• **ENTRIES PROVIDED**:
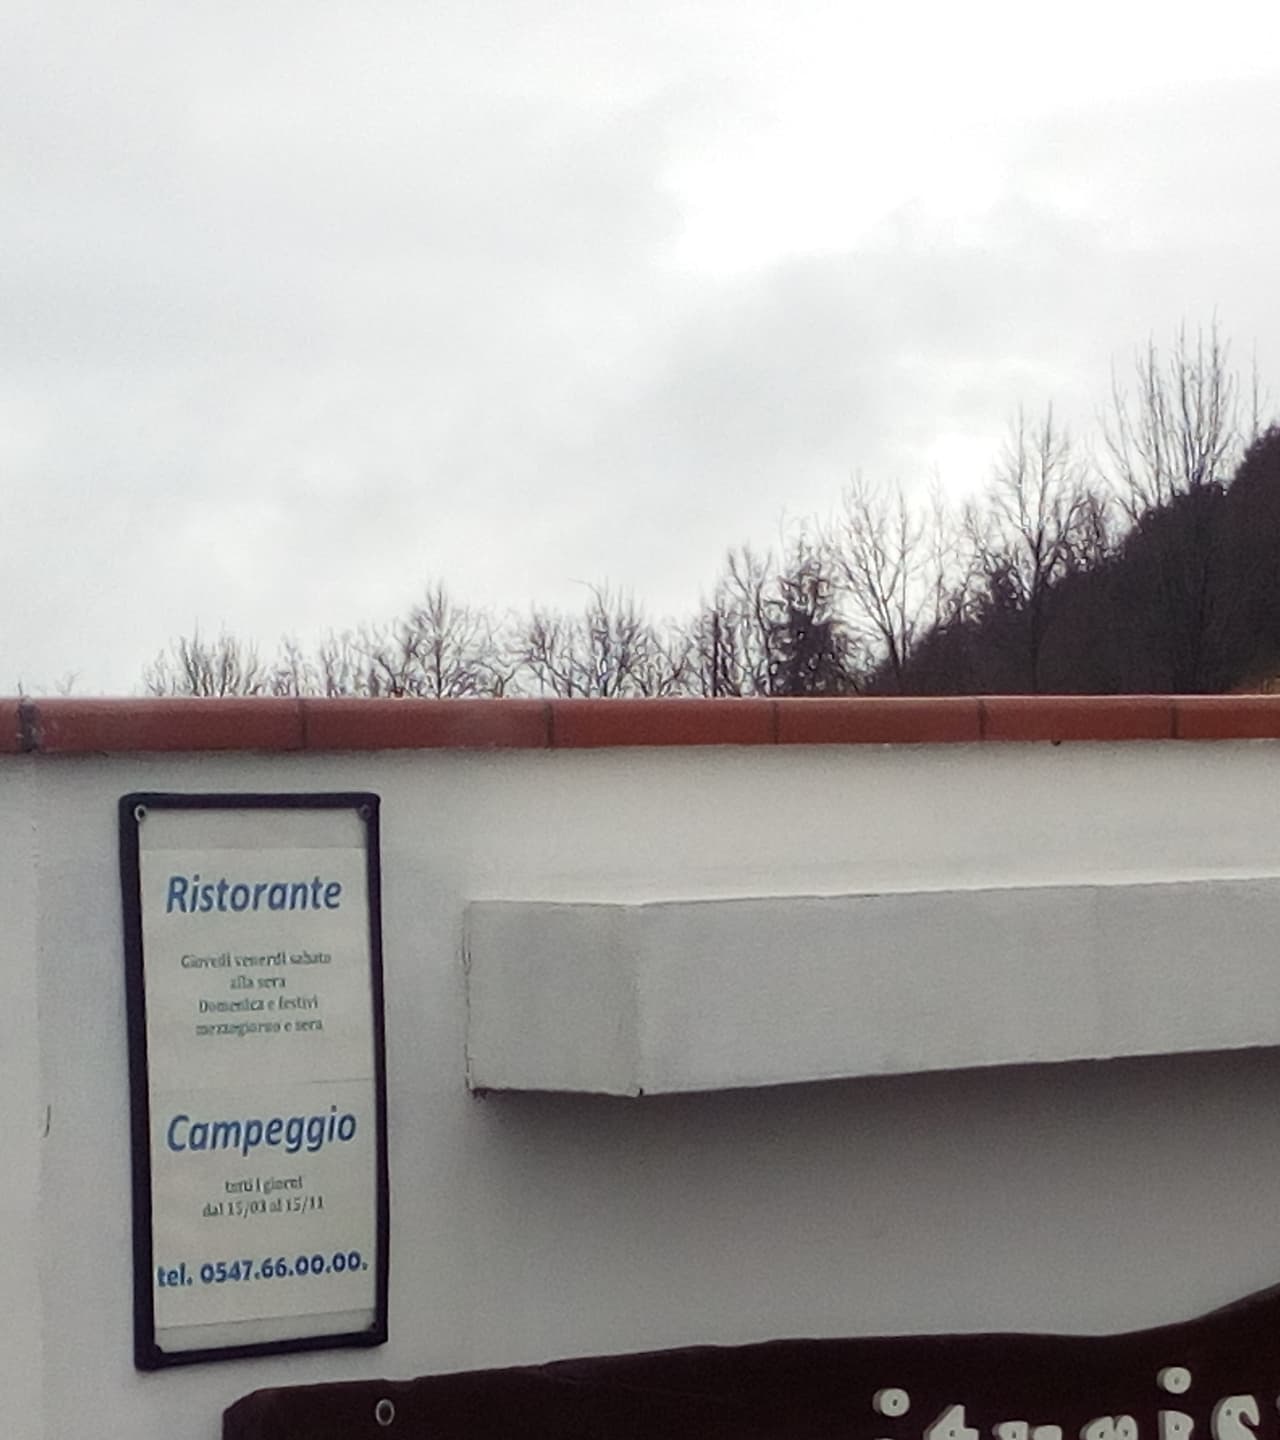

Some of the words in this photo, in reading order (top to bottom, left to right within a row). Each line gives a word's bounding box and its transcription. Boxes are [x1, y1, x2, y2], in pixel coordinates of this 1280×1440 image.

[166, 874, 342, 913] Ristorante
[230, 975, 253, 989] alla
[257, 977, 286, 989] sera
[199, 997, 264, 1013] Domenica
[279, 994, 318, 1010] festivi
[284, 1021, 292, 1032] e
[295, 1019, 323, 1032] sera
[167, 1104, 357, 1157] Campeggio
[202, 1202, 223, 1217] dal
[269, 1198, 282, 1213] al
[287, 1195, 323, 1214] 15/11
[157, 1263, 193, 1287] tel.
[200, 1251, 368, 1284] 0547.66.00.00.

• **REQUIRED ACTION**:
Print the records above again exactly. Leave out the images.

• **RESULT FOR THIS TASK**:
Some of the words in this photo, in reading order (top to bottom, left to right within a row). Each line gives a word's bounding box and its transcription. Boxes are [x1, y1, x2, y2], in pixel coordinates of this 1280×1440 image.

[166, 874, 342, 913] Ristorante
[230, 975, 253, 989] alla
[257, 977, 286, 989] sera
[199, 997, 264, 1013] Domenica
[279, 994, 318, 1010] festivi
[284, 1021, 292, 1032] e
[295, 1019, 323, 1032] sera
[167, 1104, 357, 1157] Campeggio
[202, 1202, 223, 1217] dal
[269, 1198, 282, 1213] al
[287, 1195, 323, 1214] 15/11
[157, 1263, 193, 1287] tel.
[200, 1251, 368, 1284] 0547.66.00.00.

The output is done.